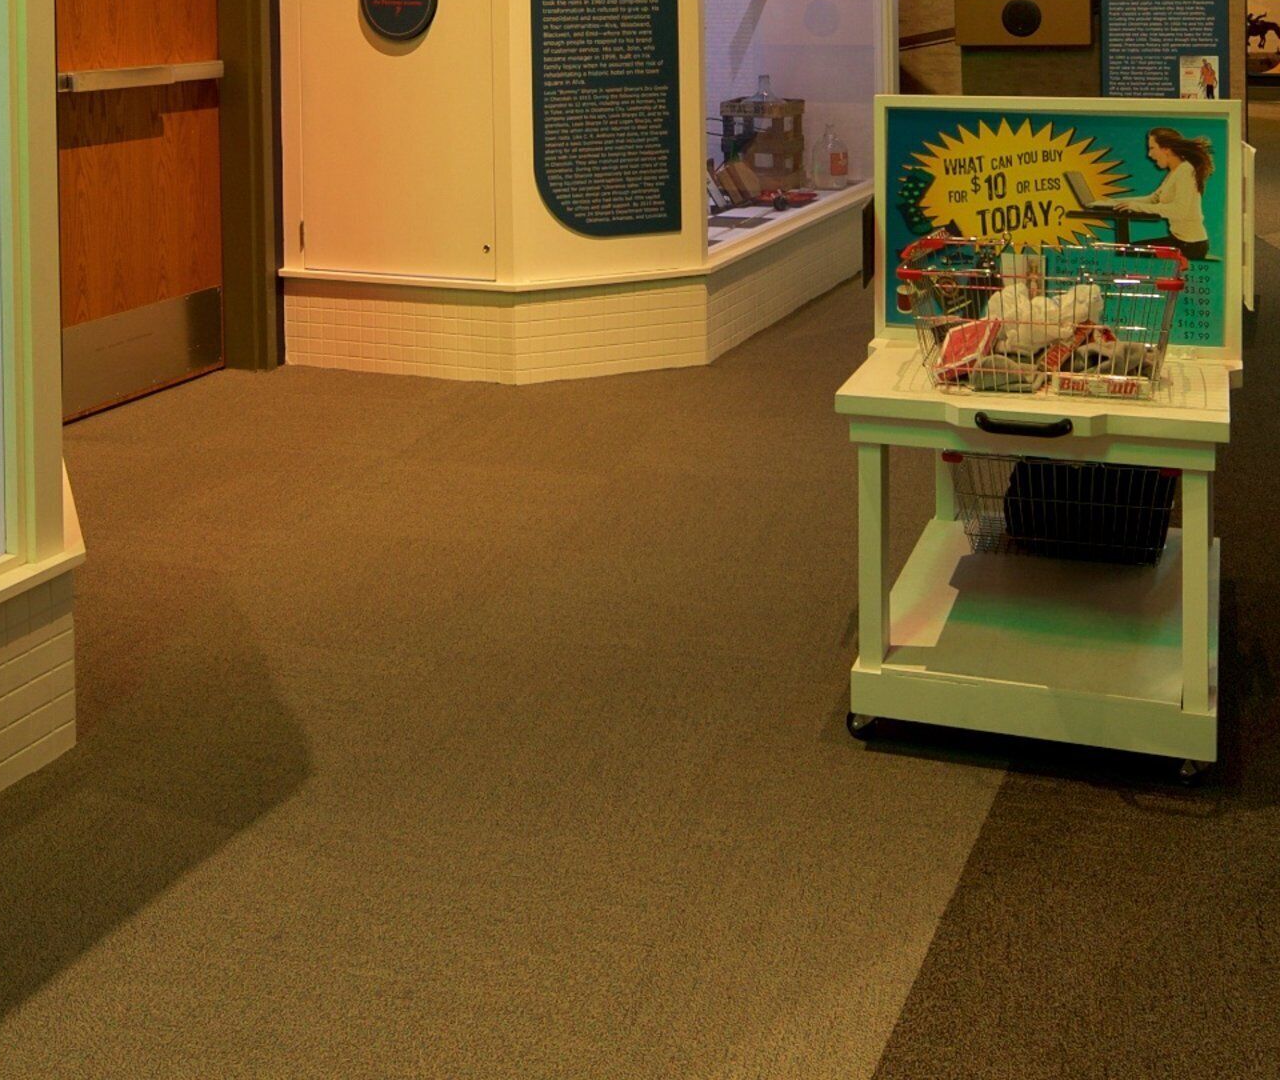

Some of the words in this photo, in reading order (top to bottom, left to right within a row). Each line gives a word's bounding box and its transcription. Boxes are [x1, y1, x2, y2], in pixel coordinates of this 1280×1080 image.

[944, 155, 985, 175] WHAT
[991, 155, 1013, 170] CAN
[1017, 151, 1038, 165] YOU
[1042, 150, 1063, 163] BUY
[948, 190, 968, 203] FOR
[1016, 181, 1030, 193] OR
[1034, 178, 1060, 191] LESS
[976, 200, 1065, 236] TODAY?

Task statement — Transcribe every entry above exactly. Omit all pictures.

Exercise result —
Some of the words in this photo, in reading order (top to bottom, left to right within a row). Each line gives a word's bounding box and its transcription. Boxes are [x1, y1, x2, y2], in pixel coordinates of this 1280×1080 image.

[944, 155, 985, 175] WHAT
[991, 155, 1013, 170] CAN
[1017, 151, 1038, 165] YOU
[1042, 150, 1063, 163] BUY
[948, 190, 968, 203] FOR
[1016, 181, 1030, 193] OR
[1034, 178, 1060, 191] LESS
[976, 200, 1065, 236] TODAY?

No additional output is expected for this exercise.